Полминуты спустя мы легли на другой галс и, распустив все паруса, стали отдаляться от земли.
Когда мы совершали поворот, до рифа оставалось уже рукой подать, и никакая земная сила не могла бы нас спасти, если бы море до самого края коралловой гряды не было исключительно глубоким.
Глава 24
Взрыв возмущения
О том, что замыслил Бембо, матросы узнали от вахтенных; теперь, когда опасность миновала, они в порыве негодования с криками бросились к маори.
Данк и юнга только что его отпустили, и он упрямо продолжал стоять у бизань-мачты; едва разъяренные матросы приблизились, он стал вращать налитыми кровью глазами, и его длинный нож засверкал в воздухе.
— К чертям его! Бросить его за борт! Повесить на грота-рее! — послышалось со всех сторон. Но Бембо невозмутимо стоял на своем месте, и на какое-то мгновение матросов охватила нерешительность.
— Трусы! — воскликнул Салем и бросился к Бембо. Сталь блеснула, как молния, но не причинила никакого вреда, ибо грудь матроса уже прижималась к груди маори, прежде чем тот успел опомниться.
Они оба покатились по палубе, и нож у Бембо мгновенно отобрали, а его самого схватили.
— На бак его! На бак! — снова раздались возгласы. — Швырните его в воду! За борт его! — и сопротивлявшегося Бембо, пустившего в ход зубы и ногти, поволокли по палубе.
Весь этот грохот над самой головой пробудил, наконец, старшего помощника от пьяного сна, и он, пошатываясь, вышел на палубу.
— В чем дело? — закричал он, бросаясь в самую гущу толпы.
— Это маори, сэр; они собираются его убить, сэр, — ответил бедный Каболка, всхлипывая и робко приближаясь к Джермину.
— Стой! Стой! — заорал тот и устремился к Бембо, расталкивая матросов. Несчастный уже висел над водой, что было сил цепляясь за фальшборт, который весь сотрясался от его отчаянных усилий.

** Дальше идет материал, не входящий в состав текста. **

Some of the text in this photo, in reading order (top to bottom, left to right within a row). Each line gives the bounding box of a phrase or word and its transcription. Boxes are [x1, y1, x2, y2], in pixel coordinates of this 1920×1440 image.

Доктор и другие тщетно пытались спасти маори: команда не слушала никаких уговоров.
— Убийство и мятеж в открытом море! — закричал старший помощник и, расшвыряв державших Бембо людей, опустил свою железную руку на его плечо.

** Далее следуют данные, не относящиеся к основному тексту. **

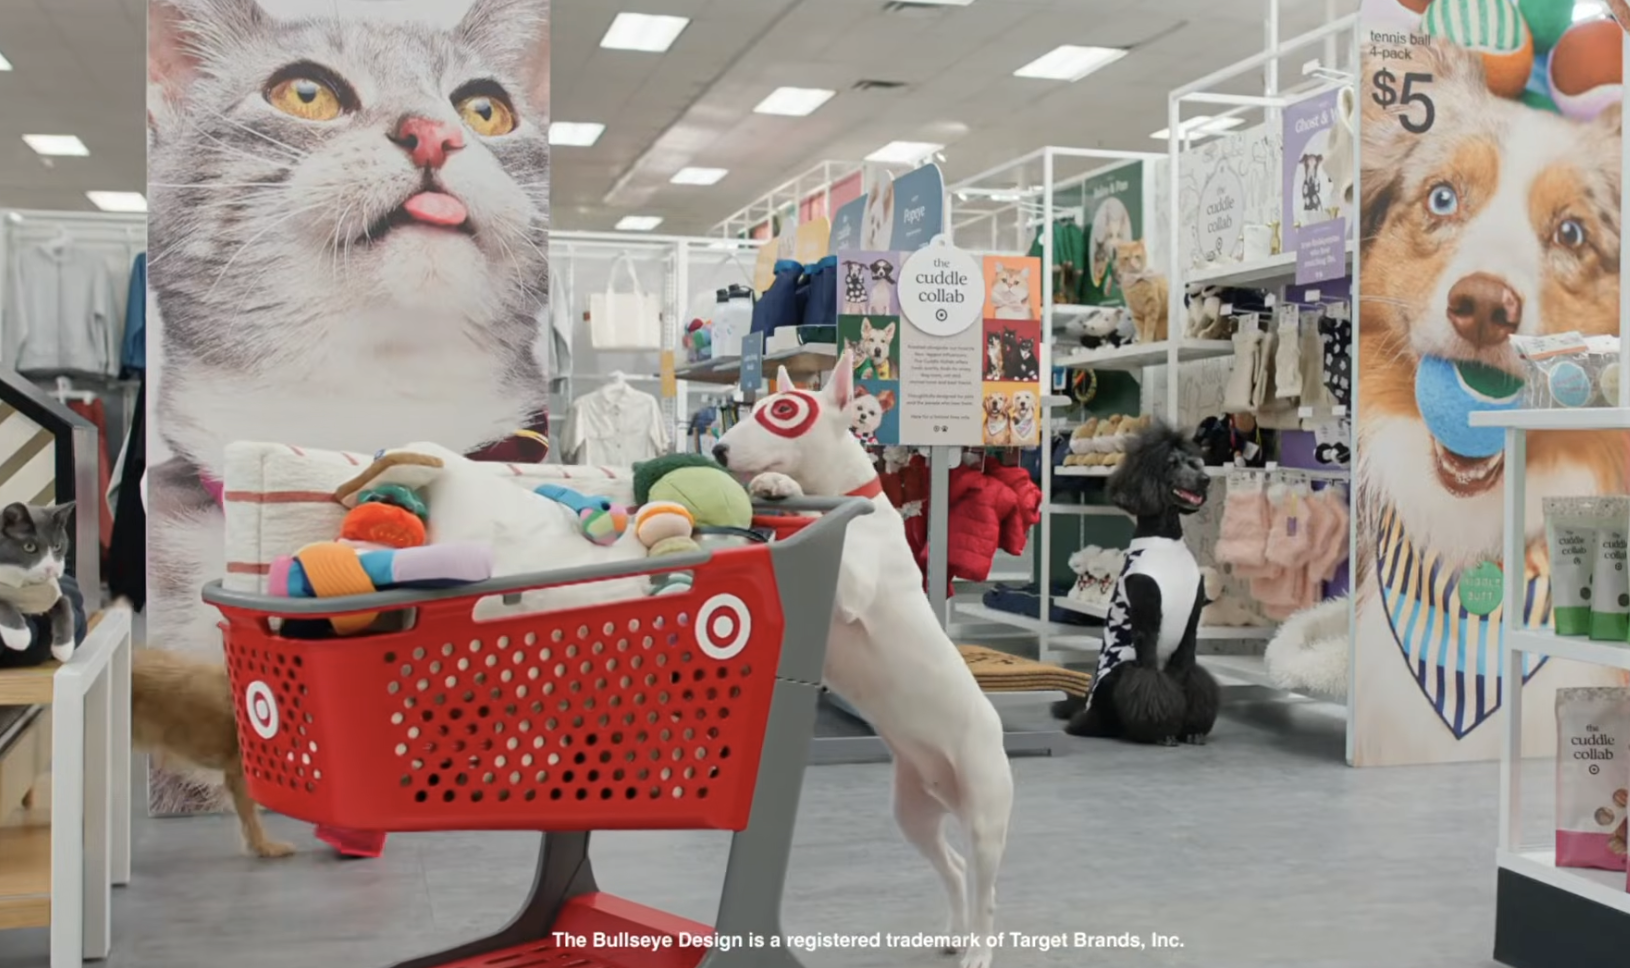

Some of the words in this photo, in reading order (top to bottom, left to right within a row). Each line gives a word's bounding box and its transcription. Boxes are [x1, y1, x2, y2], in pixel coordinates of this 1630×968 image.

— Теперь нас двое; прежде чем расправиться с ним, вы должны будете расправиться со мной, — воскликнул Джермин, решительно поворачиваясь к матросам.

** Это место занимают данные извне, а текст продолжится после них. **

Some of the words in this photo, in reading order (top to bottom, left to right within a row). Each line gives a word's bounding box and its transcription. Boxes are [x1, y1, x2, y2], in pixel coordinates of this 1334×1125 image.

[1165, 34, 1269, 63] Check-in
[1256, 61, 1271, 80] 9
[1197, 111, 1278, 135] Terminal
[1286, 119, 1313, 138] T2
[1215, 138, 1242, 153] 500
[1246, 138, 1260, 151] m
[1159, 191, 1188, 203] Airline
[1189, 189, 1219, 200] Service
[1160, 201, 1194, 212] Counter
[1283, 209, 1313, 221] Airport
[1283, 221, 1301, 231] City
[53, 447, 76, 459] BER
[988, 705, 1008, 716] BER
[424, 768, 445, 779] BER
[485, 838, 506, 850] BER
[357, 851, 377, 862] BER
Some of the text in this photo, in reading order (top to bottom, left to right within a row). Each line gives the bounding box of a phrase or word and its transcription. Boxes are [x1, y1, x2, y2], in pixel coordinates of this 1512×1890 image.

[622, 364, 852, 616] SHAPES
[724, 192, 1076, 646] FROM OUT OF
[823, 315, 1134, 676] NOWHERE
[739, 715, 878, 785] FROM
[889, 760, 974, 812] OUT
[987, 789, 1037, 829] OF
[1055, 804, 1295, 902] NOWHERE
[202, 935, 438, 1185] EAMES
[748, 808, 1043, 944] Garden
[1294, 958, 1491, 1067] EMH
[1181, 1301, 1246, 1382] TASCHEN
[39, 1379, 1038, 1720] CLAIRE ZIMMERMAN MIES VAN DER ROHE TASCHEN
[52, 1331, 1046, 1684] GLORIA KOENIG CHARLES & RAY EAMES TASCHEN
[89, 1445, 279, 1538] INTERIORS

— За борт обоих! — заорал плотник, бросаясь вперед; но остальных мужественное поведение Джермина заставило отступить; в тот же миг Бембо, целый и невредимый, очутился опять на палубе.
— Проваливай на корму! — крикнул ему спаситель и повел прямо сквозь толпу матросов, предусмотрительно следуя вплотную за ним. Не давая команде времени опомниться, он толкал маори перед собой, довел до люка каюты и, закрыв за ним крышку люка, остался на палубе. За все это время Бембо не вымолвил ни слова.
— А теперь отправляйтесь к себе на бак! — гаркнул старший помощник матросам, которые уже пришли в себя и вовсе не собирались упустить свою жертву.
— Маори! Маори! — орали они.
Тут доктор в ответ на повторные вопросы старшего помощника выступил вперед и рассказал о поступке Бембо; из буйных призывов к расправе помощник прежде лишь очень смутно понял суть дела.
Несколько секунд Джермин, казалось, колебался; наконец, повернув ключ в висячем замке на крышке люка, он проговорил сквозь стиснутые зубы:
— Вы его не получите; я передам его консулу. Проваливайте на бак, говорю вам; если понадобится кого-нибудь утопить, я вам сообщу, а пока убирайтесь, кровожадные пираты!
Ни просьбами, ни угрозами матросы ничего не добились. Джермин, хотя еще далеко не протрезвившийся, мужественно стоял на своем; через некоторое время матросы разошлись и вскоре забыли обо всем случившемся.
Хотя нам не довелось выслушать собственное признание Бембо в намерении нас погубить, сомневаться в этом не приходилось. Единственным мотивом, которым он мог руководствоваться, было желание отомстить за оскорбление, нанесенное ему прошлой ночью.
Во время этих событий доктор делал все возможное, чтобы спасти маори. Я же, хорошо зная, что мои попытки вмешаться окажутся бесполезными, продолжал стоять за штурвалом. Конечно, кроме Джермина, никто не смог бы предотвратить убийство.